• Directions:
From the line containing "this 1920×1200 image." through the last line of the records, print every line exactly and nothing more.
____ Material for this exercise
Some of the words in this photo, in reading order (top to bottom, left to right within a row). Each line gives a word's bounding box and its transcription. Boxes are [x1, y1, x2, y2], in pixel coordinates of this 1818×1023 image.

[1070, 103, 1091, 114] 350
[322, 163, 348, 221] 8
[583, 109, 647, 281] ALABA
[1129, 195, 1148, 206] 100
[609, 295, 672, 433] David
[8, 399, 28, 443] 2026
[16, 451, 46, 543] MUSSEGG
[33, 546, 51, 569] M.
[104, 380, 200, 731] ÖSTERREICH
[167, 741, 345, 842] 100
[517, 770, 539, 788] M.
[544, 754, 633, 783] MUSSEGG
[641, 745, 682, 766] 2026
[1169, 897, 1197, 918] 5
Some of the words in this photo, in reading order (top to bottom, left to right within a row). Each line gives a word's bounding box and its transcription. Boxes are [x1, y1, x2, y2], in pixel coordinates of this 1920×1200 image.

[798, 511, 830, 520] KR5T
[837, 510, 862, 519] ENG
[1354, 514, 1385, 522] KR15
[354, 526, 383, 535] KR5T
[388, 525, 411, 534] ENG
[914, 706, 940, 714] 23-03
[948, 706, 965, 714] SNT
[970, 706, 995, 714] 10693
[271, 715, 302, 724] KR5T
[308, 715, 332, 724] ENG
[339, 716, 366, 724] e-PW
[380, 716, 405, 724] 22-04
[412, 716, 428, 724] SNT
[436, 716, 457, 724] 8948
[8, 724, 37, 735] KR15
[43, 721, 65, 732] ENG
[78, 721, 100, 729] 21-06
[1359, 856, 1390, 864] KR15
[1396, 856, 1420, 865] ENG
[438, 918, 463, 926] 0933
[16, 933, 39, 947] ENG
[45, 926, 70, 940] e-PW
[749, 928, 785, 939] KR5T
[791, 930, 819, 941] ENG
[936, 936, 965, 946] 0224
________
• Response:
Some of the words in this photo, in reading order (top to bottom, left to right within a row). Each line gives a word's bounding box and its transcription. Boxes are [x1, y1, x2, y2], in pixel coordinates of this 1920×1200 image.

[798, 511, 830, 520] KR5T
[837, 510, 862, 519] ENG
[1354, 514, 1385, 522] KR15
[354, 526, 383, 535] KR5T
[388, 525, 411, 534] ENG
[914, 706, 940, 714] 23-03
[948, 706, 965, 714] SNT
[970, 706, 995, 714] 10693
[271, 715, 302, 724] KR5T
[308, 715, 332, 724] ENG
[339, 716, 366, 724] e-PW
[380, 716, 405, 724] 22-04
[412, 716, 428, 724] SNT
[436, 716, 457, 724] 8948
[8, 724, 37, 735] KR15
[43, 721, 65, 732] ENG
[78, 721, 100, 729] 21-06
[1359, 856, 1390, 864] KR15
[1396, 856, 1420, 865] ENG
[438, 918, 463, 926] 0933
[16, 933, 39, 947] ENG
[45, 926, 70, 940] e-PW
[749, 928, 785, 939] KR5T
[791, 930, 819, 941] ENG
[936, 936, 965, 946] 0224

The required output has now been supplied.